**Supplied records:**
::::

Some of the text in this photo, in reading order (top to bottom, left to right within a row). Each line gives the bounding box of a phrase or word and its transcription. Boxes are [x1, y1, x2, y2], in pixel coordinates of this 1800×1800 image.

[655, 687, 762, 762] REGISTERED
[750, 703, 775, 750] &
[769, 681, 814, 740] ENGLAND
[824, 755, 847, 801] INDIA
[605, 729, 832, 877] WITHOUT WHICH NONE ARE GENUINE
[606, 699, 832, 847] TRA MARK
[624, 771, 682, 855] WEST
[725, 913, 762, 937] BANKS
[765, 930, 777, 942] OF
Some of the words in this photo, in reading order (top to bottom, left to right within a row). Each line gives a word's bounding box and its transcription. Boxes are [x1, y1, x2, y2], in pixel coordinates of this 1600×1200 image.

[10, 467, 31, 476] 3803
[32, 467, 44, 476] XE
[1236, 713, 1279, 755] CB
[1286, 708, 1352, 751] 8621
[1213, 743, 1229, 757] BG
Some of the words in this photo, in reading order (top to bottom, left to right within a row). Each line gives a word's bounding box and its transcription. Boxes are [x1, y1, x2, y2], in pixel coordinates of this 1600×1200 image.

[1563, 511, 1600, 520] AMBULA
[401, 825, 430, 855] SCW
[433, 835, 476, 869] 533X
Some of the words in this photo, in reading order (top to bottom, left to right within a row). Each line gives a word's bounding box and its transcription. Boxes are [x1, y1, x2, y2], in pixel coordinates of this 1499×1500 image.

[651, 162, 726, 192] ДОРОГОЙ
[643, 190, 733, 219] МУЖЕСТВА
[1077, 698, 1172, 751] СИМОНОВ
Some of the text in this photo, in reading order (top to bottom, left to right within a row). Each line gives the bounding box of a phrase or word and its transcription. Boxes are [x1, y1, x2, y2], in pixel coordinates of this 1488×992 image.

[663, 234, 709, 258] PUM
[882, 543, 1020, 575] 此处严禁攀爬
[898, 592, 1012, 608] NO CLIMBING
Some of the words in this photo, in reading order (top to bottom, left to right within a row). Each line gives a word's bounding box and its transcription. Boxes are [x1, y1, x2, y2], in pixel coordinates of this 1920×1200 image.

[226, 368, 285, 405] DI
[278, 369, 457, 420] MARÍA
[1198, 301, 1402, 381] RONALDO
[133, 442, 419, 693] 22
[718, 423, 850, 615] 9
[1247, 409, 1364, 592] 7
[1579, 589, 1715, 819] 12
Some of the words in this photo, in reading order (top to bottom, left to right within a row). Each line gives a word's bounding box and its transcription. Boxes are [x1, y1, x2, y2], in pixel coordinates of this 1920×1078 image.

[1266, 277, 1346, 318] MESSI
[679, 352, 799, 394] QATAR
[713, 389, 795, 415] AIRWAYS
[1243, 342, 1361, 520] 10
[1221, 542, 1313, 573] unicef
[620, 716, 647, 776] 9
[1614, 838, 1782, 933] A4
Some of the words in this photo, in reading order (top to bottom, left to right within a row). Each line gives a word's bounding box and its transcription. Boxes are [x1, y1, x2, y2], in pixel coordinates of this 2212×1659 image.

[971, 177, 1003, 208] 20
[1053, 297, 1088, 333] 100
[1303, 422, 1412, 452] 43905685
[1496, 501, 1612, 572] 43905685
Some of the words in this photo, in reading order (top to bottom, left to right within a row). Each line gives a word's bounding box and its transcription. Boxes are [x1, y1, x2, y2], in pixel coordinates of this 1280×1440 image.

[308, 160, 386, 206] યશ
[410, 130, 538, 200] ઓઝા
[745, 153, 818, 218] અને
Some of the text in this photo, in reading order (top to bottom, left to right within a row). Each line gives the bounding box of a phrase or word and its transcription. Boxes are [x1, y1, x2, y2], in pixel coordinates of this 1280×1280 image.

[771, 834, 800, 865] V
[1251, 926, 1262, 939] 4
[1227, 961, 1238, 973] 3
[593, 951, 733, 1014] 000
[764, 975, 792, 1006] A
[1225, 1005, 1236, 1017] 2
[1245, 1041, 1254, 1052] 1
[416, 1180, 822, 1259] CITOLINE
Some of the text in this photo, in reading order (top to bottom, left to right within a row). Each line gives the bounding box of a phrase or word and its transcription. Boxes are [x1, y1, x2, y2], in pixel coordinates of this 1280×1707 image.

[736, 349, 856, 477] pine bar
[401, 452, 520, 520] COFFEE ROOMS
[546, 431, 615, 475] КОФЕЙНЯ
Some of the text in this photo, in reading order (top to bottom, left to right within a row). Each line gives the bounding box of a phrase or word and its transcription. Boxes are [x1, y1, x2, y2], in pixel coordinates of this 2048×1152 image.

::::

**Instructions for the task:**
Please write out the entries exactly, keeping every line intact.

**Answer area:**
Some of the text in this photo, in reading order (top to bottom, left to right within a row). Each line gives the bounding box of a phrase or word and its transcription. Boxes are [x1, y1, x2, y2], in pixel coordinates of this 1800×1800 image.

[655, 687, 762, 762] REGISTERED
[750, 703, 775, 750] &
[769, 681, 814, 740] ENGLAND
[824, 755, 847, 801] INDIA
[605, 729, 832, 877] WITHOUT WHICH NONE ARE GENUINE
[606, 699, 832, 847] TRA MARK
[624, 771, 682, 855] WEST
[725, 913, 762, 937] BANKS
[765, 930, 777, 942] OF
Some of the words in this photo, in reading order (top to bottom, left to right within a row). Each line gives a word's bounding box and its transcription. Boxes are [x1, y1, x2, y2], in pixel coordinates of this 1600×1200 image.

[10, 467, 31, 476] 3803
[32, 467, 44, 476] XE
[1236, 713, 1279, 755] CB
[1286, 708, 1352, 751] 8621
[1213, 743, 1229, 757] BG
Some of the words in this photo, in reading order (top to bottom, left to right within a row). Each line gives a word's bounding box and its transcription. Boxes are [x1, y1, x2, y2], in pixel coordinates of this 1600×1200 image.

[1563, 511, 1600, 520] AMBULA
[401, 825, 430, 855] SCW
[433, 835, 476, 869] 533X
Some of the words in this photo, in reading order (top to bottom, left to right within a row). Each line gives a word's bounding box and its transcription. Boxes are [x1, y1, x2, y2], in pixel coordinates of this 1499×1500 image.

[651, 162, 726, 192] ДОРОГОЙ
[643, 190, 733, 219] МУЖЕСТВА
[1077, 698, 1172, 751] СИМОНОВ
Some of the text in this photo, in reading order (top to bottom, left to right within a row). Each line gives the bounding box of a phrase or word and its transcription. Boxes are [x1, y1, x2, y2], in pixel coordinates of this 1488×992 image.

[663, 234, 709, 258] PUM
[882, 543, 1020, 575] 此处严禁攀爬
[898, 592, 1012, 608] NO CLIMBING
Some of the words in this photo, in reading order (top to bottom, left to right within a row). Each line gives a word's bounding box and its transcription. Boxes are [x1, y1, x2, y2], in pixel coordinates of this 1920×1200 image.

[226, 368, 285, 405] DI
[278, 369, 457, 420] MARÍA
[1198, 301, 1402, 381] RONALDO
[133, 442, 419, 693] 22
[718, 423, 850, 615] 9
[1247, 409, 1364, 592] 7
[1579, 589, 1715, 819] 12
Some of the words in this photo, in reading order (top to bottom, left to right within a row). Each line gives a word's bounding box and its transcription. Boxes are [x1, y1, x2, y2], in pixel coordinates of this 1920×1078 image.

[1266, 277, 1346, 318] MESSI
[679, 352, 799, 394] QATAR
[713, 389, 795, 415] AIRWAYS
[1243, 342, 1361, 520] 10
[1221, 542, 1313, 573] unicef
[620, 716, 647, 776] 9
[1614, 838, 1782, 933] A4
Some of the words in this photo, in reading order (top to bottom, left to right within a row). Each line gives a word's bounding box and its transcription. Boxes are [x1, y1, x2, y2], in pixel coordinates of this 2212×1659 image.

[971, 177, 1003, 208] 20
[1053, 297, 1088, 333] 100
[1303, 422, 1412, 452] 43905685
[1496, 501, 1612, 572] 43905685
Some of the words in this photo, in reading order (top to bottom, left to right within a row). Each line gives a word's bounding box and its transcription. Boxes are [x1, y1, x2, y2], in pixel coordinates of this 1280×1440 image.

[308, 160, 386, 206] યશ
[410, 130, 538, 200] ઓઝા
[745, 153, 818, 218] અને
Some of the text in this photo, in reading order (top to bottom, left to right within a row). Each line gives the bounding box of a phrase or word and its transcription. Boxes are [x1, y1, x2, y2], in pixel coordinates of this 1280×1280 image.

[771, 834, 800, 865] V
[1251, 926, 1262, 939] 4
[1227, 961, 1238, 973] 3
[593, 951, 733, 1014] 000
[764, 975, 792, 1006] A
[1225, 1005, 1236, 1017] 2
[1245, 1041, 1254, 1052] 1
[416, 1180, 822, 1259] CITOLINE
Some of the text in this photo, in reading order (top to bottom, left to right within a row). Each line gives the bounding box of a phrase or word and its transcription. Boxes are [x1, y1, x2, y2], in pixel coordinates of this 1280×1707 image.

[736, 349, 856, 477] pine bar
[401, 452, 520, 520] COFFEE ROOMS
[546, 431, 615, 475] КОФЕЙНЯ
Some of the text in this photo, in reading order (top to bottom, left to right within a row). Each line gives the bounding box of a phrase or word and its transcription. Boxes are [x1, y1, x2, y2], in pixel coordinates of this 2048×1152 image.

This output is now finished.